I hear this phrase all the time. When something goes right, we say it’s meant to be. When we are able to achieve something, we say it’s meant to be. When things fall apart, we say it’s not meant to be. When we want something and encounter hurdles, we give up thinking this maybe is not meant to be. When we want to have something and don’t get it, the easy justification is it’s not meant to be. This belief sometimes could deter us from pursuing what we really want or want to have.
What is the true meaning of this phrase?
In essence, do we really believe this in absolute terms? Things happen because they are meant to be period?
In my life, basing on my past experiences, things don’t just happen because they are meant to be. When I want something, I have to work on getting it. It will not come to me while I sit and wait. I have to stand up, move whatever I can to reach it or achieve it. It happens because I set a goal and worked on it. Sometimes there are a lot of hurdles, in some cases it comes easy.
If I stopped on my tracks when I encountered some difficulties in reaching out for my goal, I would not be able to have what I have right now.
There were many things that I failed to get not because they were not meant to be, but because I didn’t work harder to get them. I didn’t move heaven and earth to achieve them. They didn’t happen because I didn’t work hard and fast enough.
My childhood dream was to become a doctor of medicine. Not to earn more money but to be of service to humanity. I applied at the UST College of Medicine but failed to take the entrance exam because I went a week early and decided not to go back the following week. I gave up on my childhood dream so easily only because I didn’t want to travel from our town to Sampaloc to take the entrance exam. Now, I didn’t become a doctor of medicine not because I was not meant to be a doctor. It was simply because I didn’t pursue it. It was my decision.
I met a Fil-Am who’s been renting an apartment for $1,900 a month. He thinks he cannot afford to buy a house of his own. I told him his monthly rental payments could afford him a decent house. He found another excuse not to pursue his dream of buying a house in America. He said he cannot afford the downpayment. I told him he’s been working for 20+ years, he could have saved some money for it. He goes home to Tarlac every year during their town fiesta. He brings home boxes of pasalubong to his relatives and neighbors, throws a grand fiesta celebration that lasts for three consecutive days of eating and drinking. His house is open to whoever wants to come eat, drink, and be merry. He even distributes some cash, like P500, P1,000 per person. His ego is further caressed by what his beneficiaries tell him that he should run as mayor of their town. He spends at least $5,000 for this annual fiesta celebration, excluding the dutyfree shopping spree for his relatives and friends, dole-outs, short holidays in beaches, dinner outs, etc. Add $750 for his cheapest round-trip ticket. In my mind, all in all, if he sets his sights on buying his own house, he could very well afford it. So after 20+ years, he is still staying in an apartment. Is it because he is not meant to have a house? No, because he simply doesn’t focus in getting himself a house.

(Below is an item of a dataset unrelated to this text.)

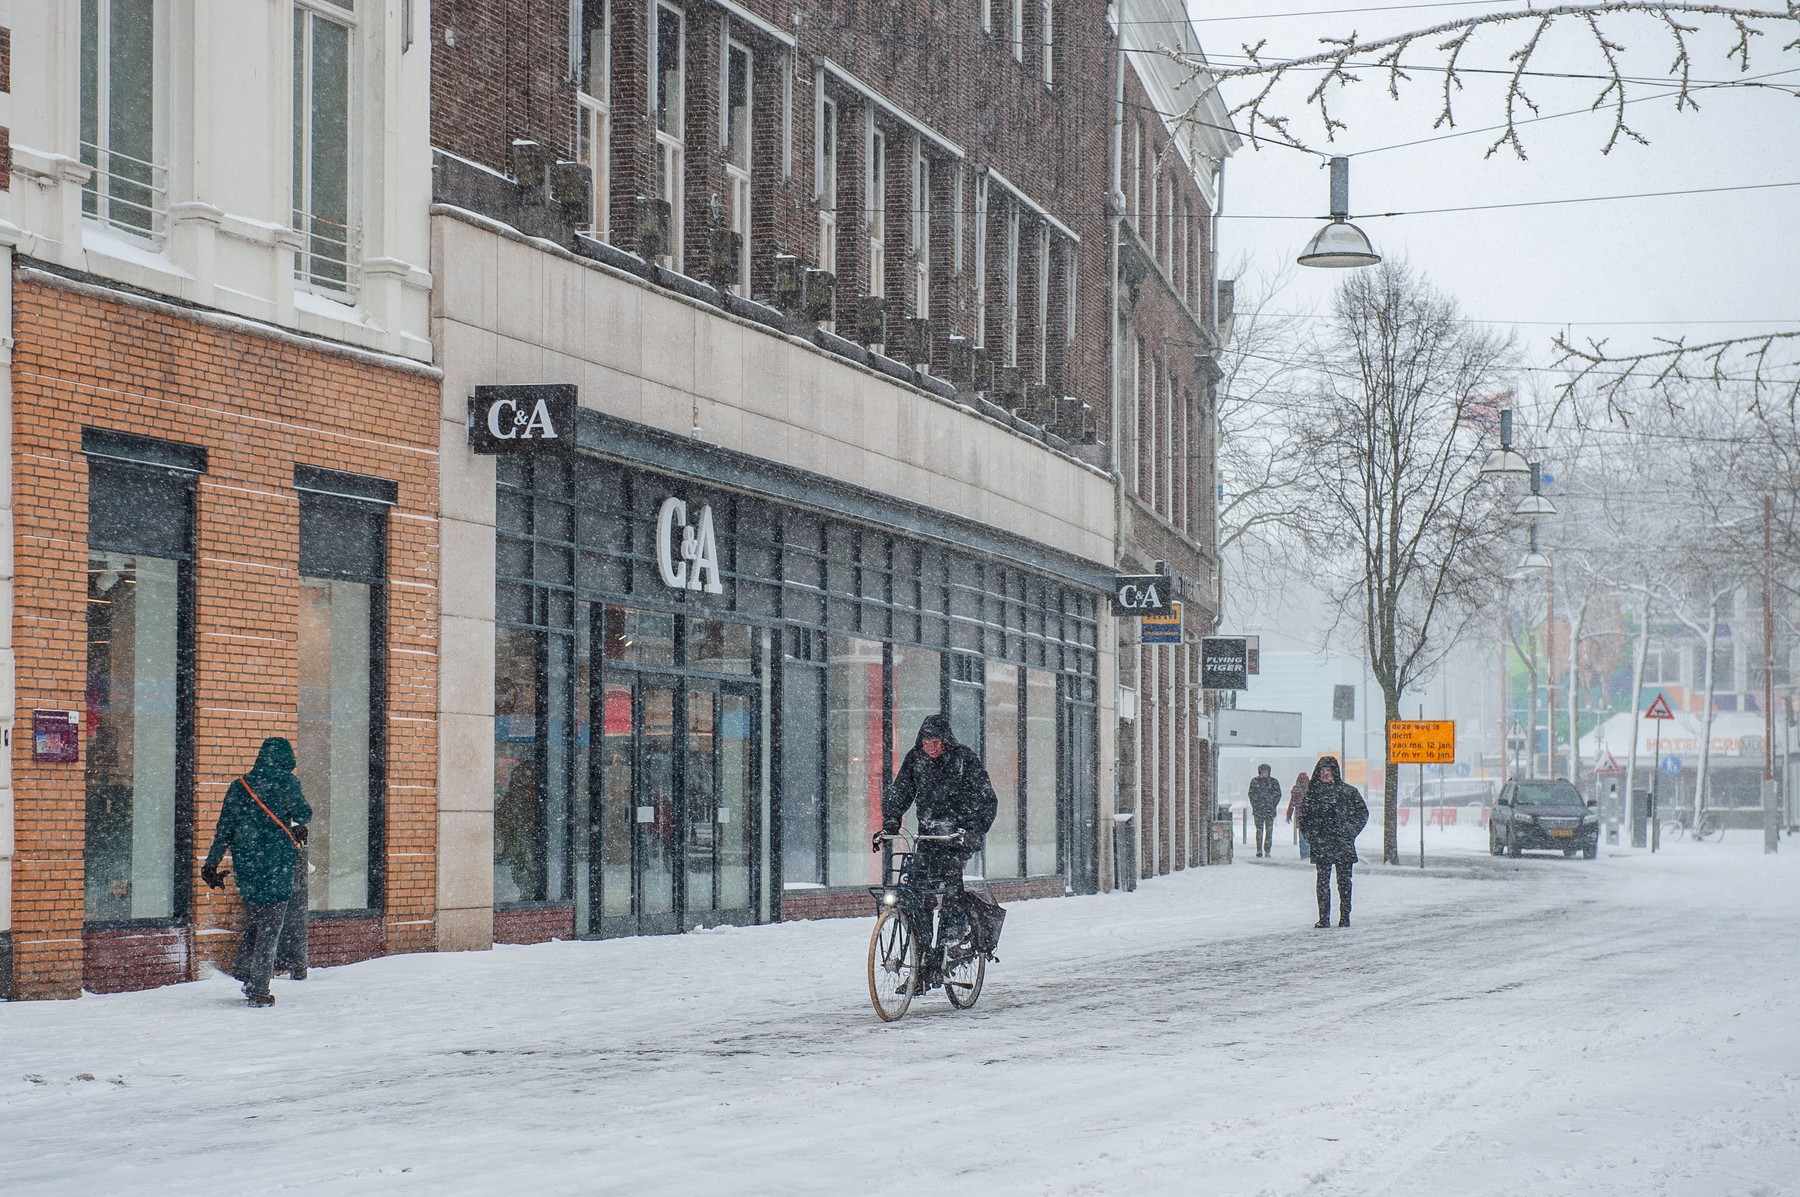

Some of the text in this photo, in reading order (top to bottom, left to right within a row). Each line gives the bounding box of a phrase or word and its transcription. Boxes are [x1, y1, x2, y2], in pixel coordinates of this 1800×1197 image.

I recently saw my former classmates’ Viber posts reminiscing about college days, remembering every professor’s name and looks. They also briefly mentioned about their crushes, secret loves. They didn’t end up marrying the boys they met in college. They found love at work or somewhere else. We can say that they are not meant to marry their college classmates. How about the two who were divorced? They didn’t end up with their boy crush, it’s not meant to be. They married their workmates, it’s meant to be. Their marriage didn’t last, it’s meant to be. Their marriage didn’t last not because it’s not meantto be. It didn’t last because they grew apart maybe. They woke up feeling that after 20 years they are sleeping with a stranger.

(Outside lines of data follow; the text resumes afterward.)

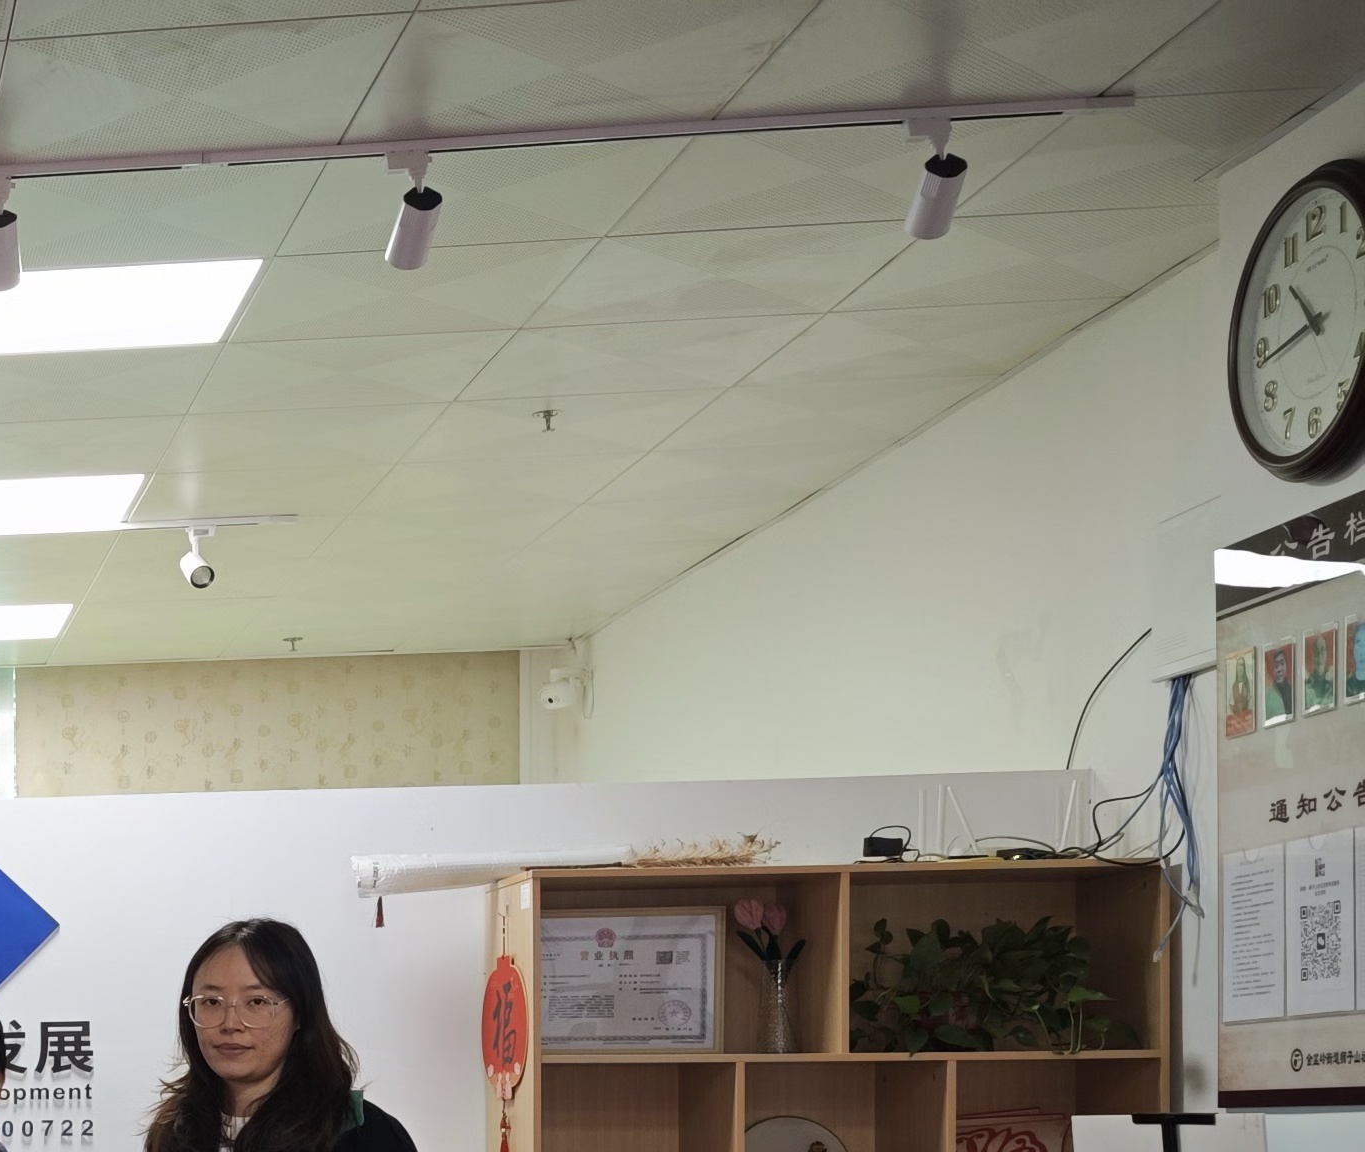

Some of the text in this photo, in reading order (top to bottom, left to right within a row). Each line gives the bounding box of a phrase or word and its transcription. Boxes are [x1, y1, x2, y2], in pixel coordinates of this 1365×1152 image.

[1305, 204, 1327, 243] 12
[1283, 231, 1299, 269] 11
[1262, 283, 1281, 319] 10
[1256, 337, 1271, 369] 9
[1263, 380, 1279, 412] 8
[1282, 406, 1297, 440] 7
[1307, 406, 1322, 439] 6
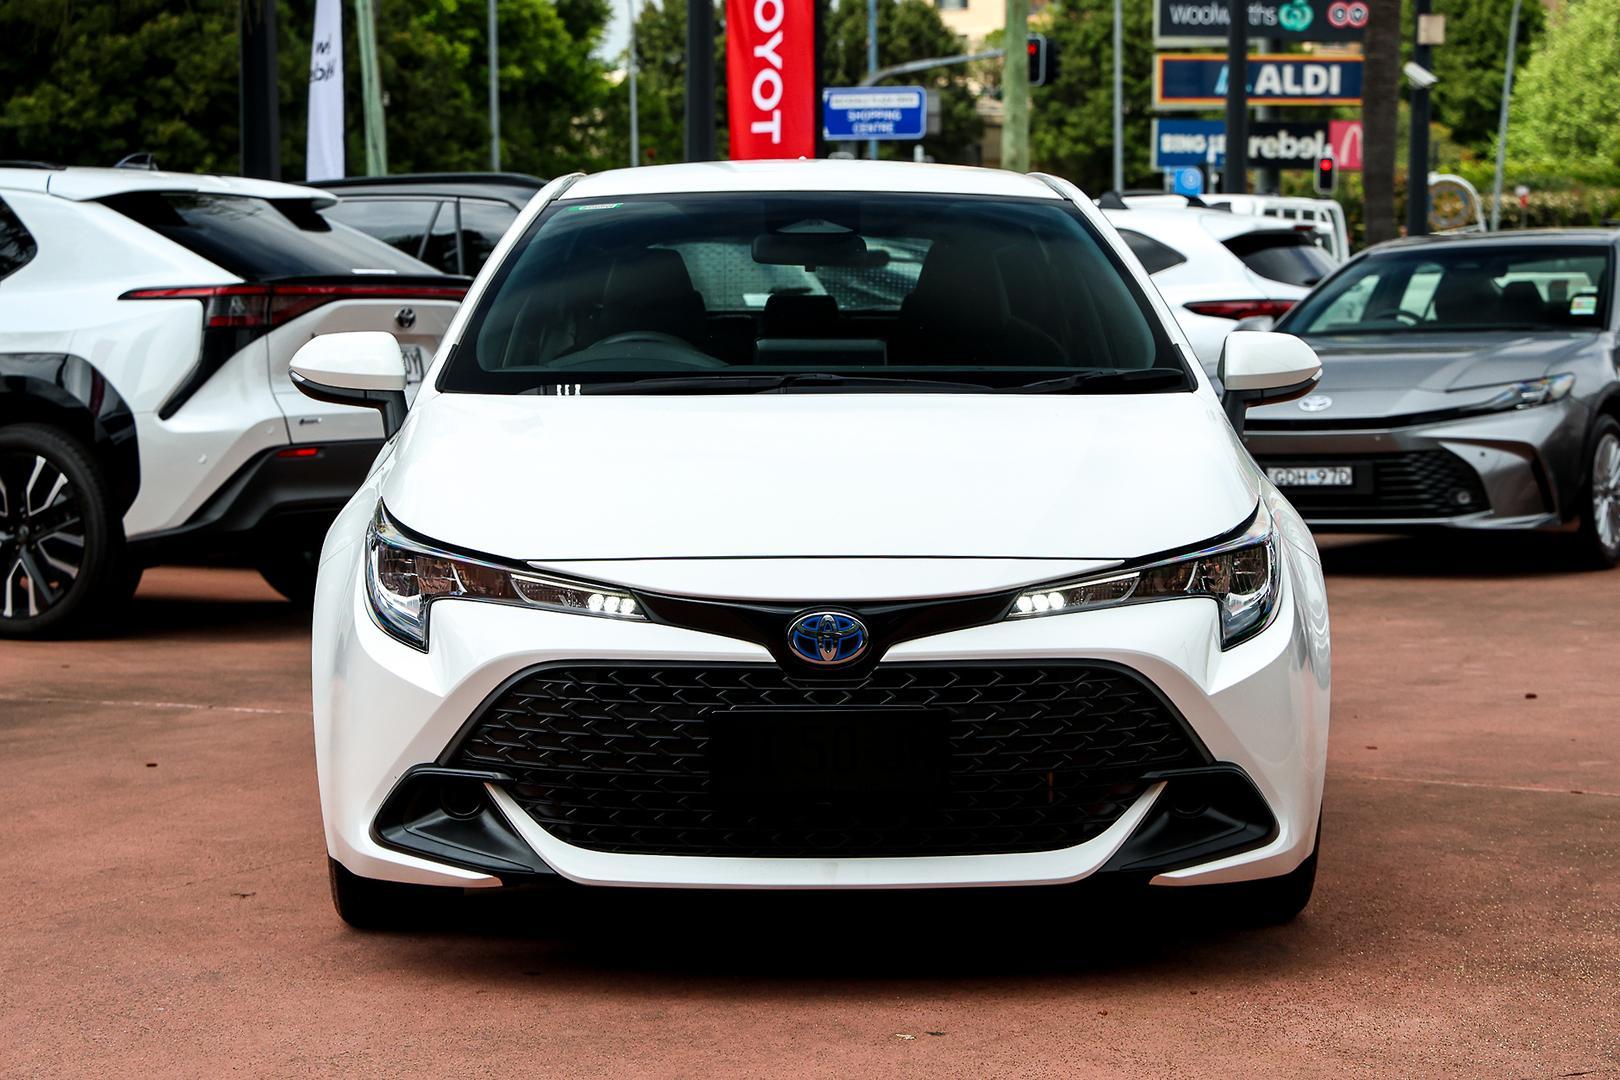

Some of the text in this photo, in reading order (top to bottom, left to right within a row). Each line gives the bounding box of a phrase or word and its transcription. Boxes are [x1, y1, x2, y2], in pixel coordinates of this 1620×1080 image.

[1254, 64, 1342, 95] ALDI
[847, 109, 902, 122] SHOPPING
[852, 122, 896, 135] CENTRE
[1248, 129, 1325, 159] rebel

I was setting my sights on something but things were not working well to beat the deadline. I had a goal and thought that it was achievable within a limited amount of time. I believed it was. There were hurdles. But I cannot just wait for chance to happen, chance that it’s meant to be. I have to walk miles to get it. It will not come to me, I have to go and get it if I truly believe myself that I can.

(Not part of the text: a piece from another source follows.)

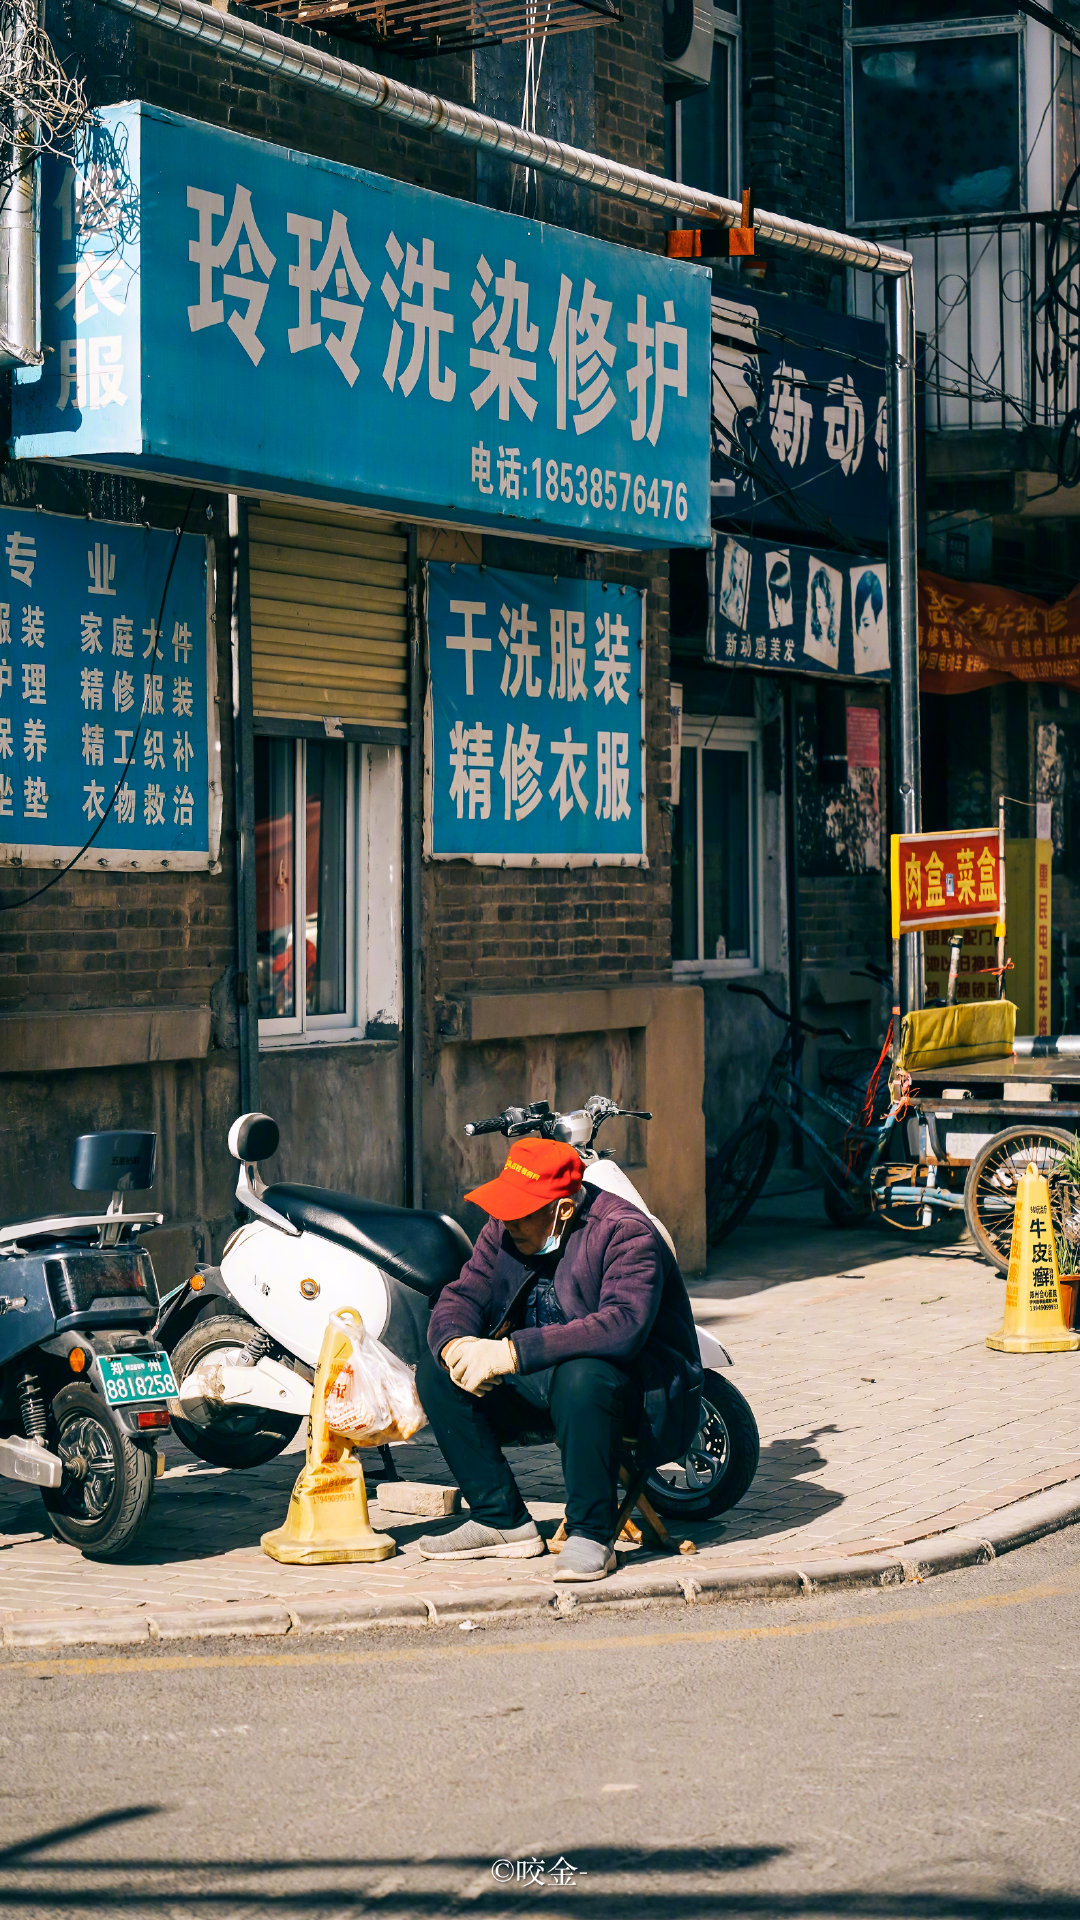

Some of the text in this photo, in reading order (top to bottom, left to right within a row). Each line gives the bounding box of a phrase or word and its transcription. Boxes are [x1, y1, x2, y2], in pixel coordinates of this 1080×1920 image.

I felt frustrated today and have shed a good amount of tears. Shall I give up and appease myself by saying maybe it’s not meant to be? No. I will keep trying today and tomorrow. If after moving heaven and earth I don’t get it, then I will concede defeat. I will cry, but at least I can tell myself that I tried very hard except that maybe it was not good enough, I could have done better. But I will never say that it’s not meant to be.